Merge pull request #33 from JosePizarro3/29-rewrite-readme-with-latest-developments

JosePizarro3 · web-flow · commit 893f437773d3 · 2025-11-06T15:20:12.000+01:00
29 rewrite readme with latest developments
diff --git a/README.md b/README.md
@@ -42,6 +42,10 @@ pyrxiv search_and_download --category cond-mat.str-el --regex-pattern "DMFT|Hubb
 
 **Note**: When using `--regex-pattern`, the tool will continue fetching papers from arXiv until it finds the specified number of papers (`--n-papers`) that match the pattern.
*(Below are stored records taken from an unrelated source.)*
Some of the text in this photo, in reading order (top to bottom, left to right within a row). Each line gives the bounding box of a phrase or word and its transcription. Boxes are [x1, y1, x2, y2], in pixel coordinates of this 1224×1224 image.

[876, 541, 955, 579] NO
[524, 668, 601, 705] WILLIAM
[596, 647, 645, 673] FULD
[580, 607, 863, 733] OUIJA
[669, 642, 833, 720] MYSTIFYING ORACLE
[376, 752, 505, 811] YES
Papers that don't match the regex are automatically discarded.
 
+## Documentation
+
+For a comprehensive guide on how to use the CLI and recommended pipelines, see the [How to Use `pyrxiv`](docs/how_to_use_pyrxiv.md) documentation.
+
 ---
 
 # Development
diff --git a/docs/how_to_use_pyrxiv.md b/docs/how_to_use_pyrxiv.md
@@ -0,0 +1,320 @@
+# How to Use `pyrxiv` CLI
+
+This guide explains how to use the **pyrxiv** command-line interface (CLI) to search and download arXiv papers.
+
+## Table of Contents
+
+- [Installation](#installation)
+- [Available Commands](#available-commands)
+- [Pipeline Overview](#pipeline-overview)
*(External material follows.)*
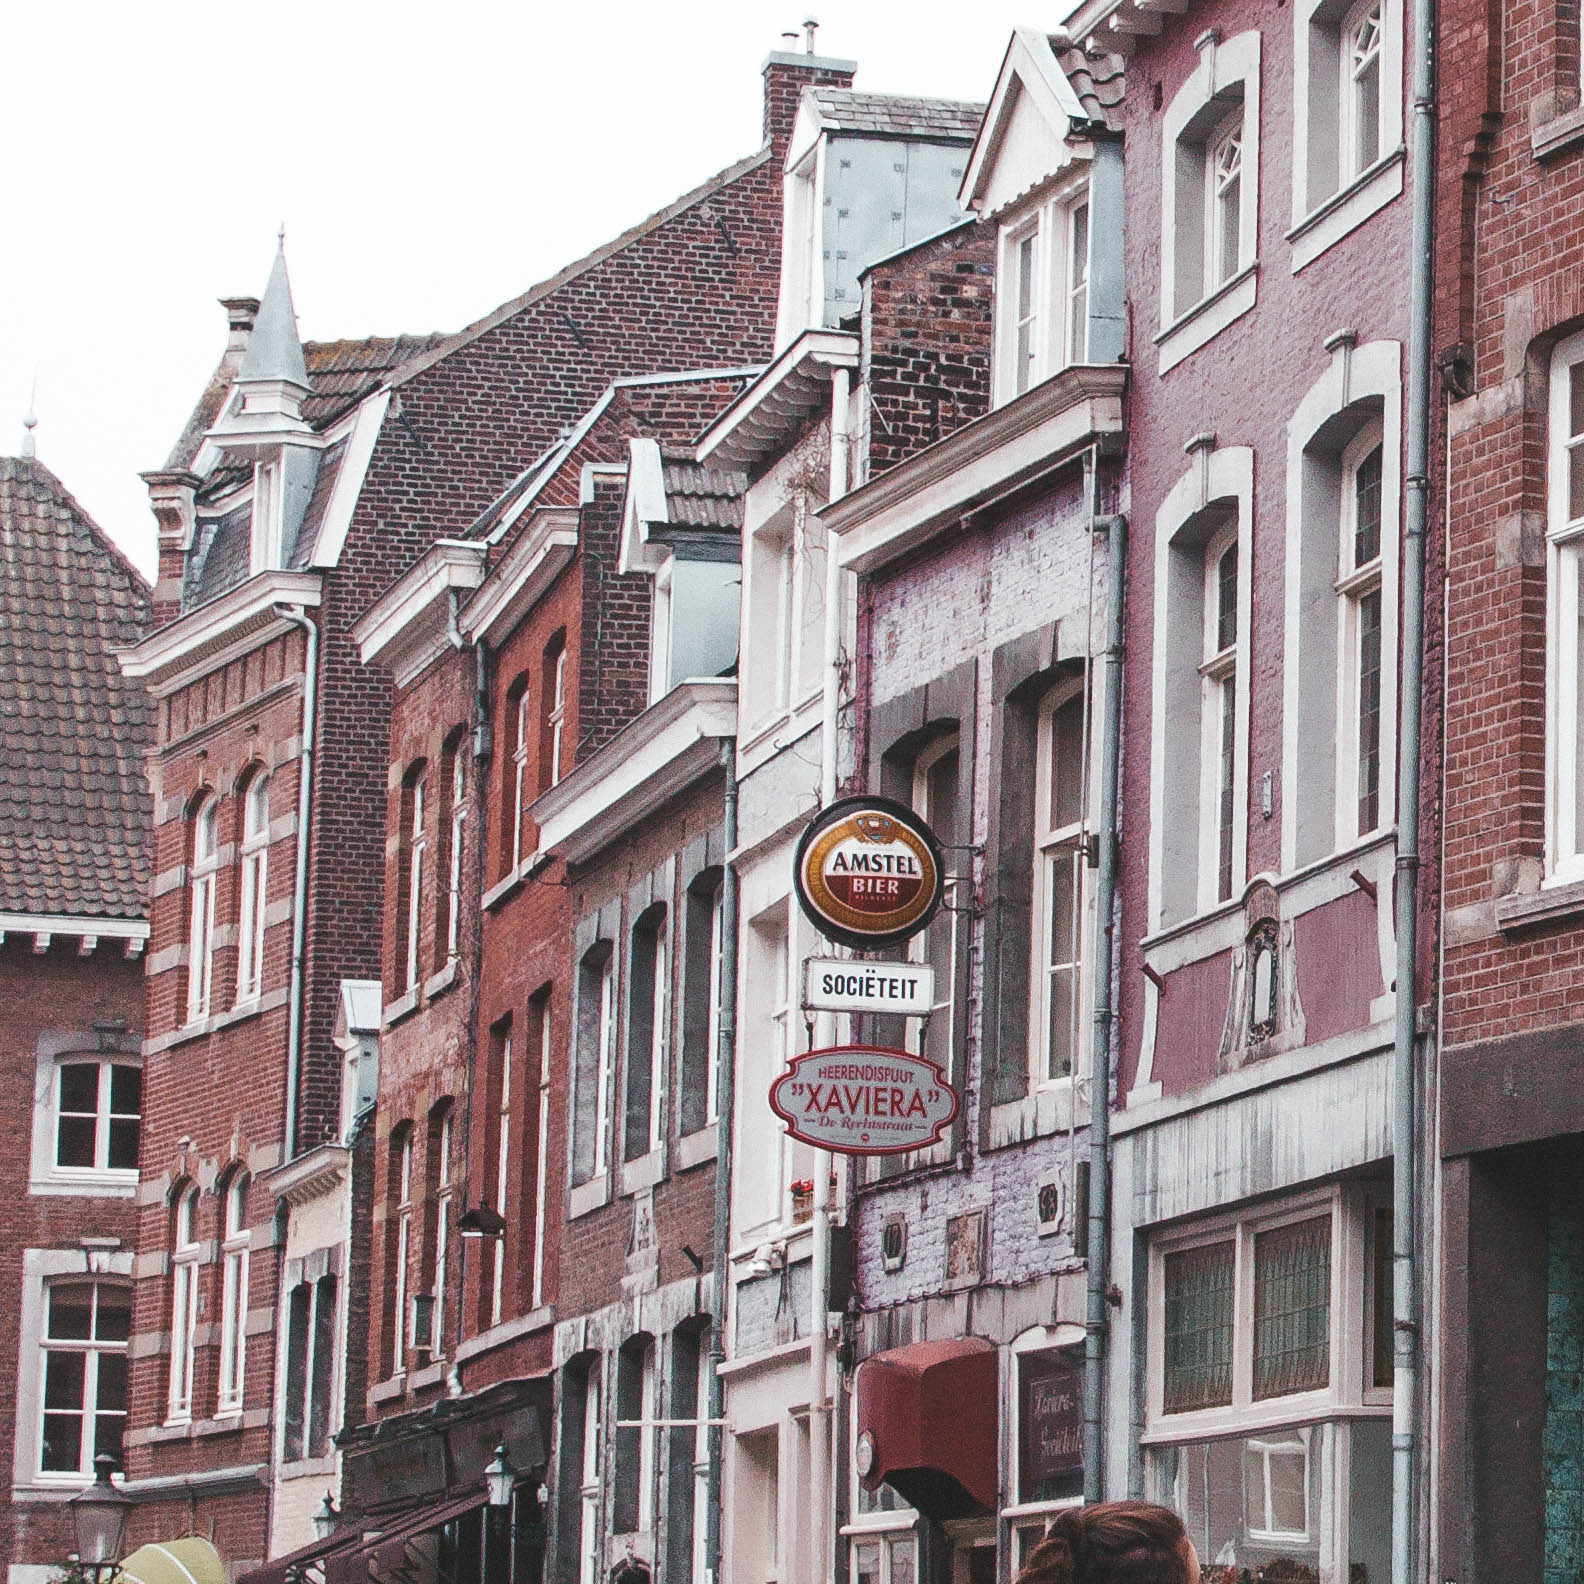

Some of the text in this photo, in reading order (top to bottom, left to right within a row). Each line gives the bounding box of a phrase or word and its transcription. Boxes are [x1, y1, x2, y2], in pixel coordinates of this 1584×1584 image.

+- [Command 1: search_and_download](#command-1-search_and_download)
+  - [Basic Usage](#basic-usage)
+  - [Advanced Usage](#advanced-usage)
+  - [Options Reference](#options-reference)
+- [Command 2: download_pdfs](#command-2-download_pdfs)
+- [Complete Pipeline Examples](#complete-pipeline-examples)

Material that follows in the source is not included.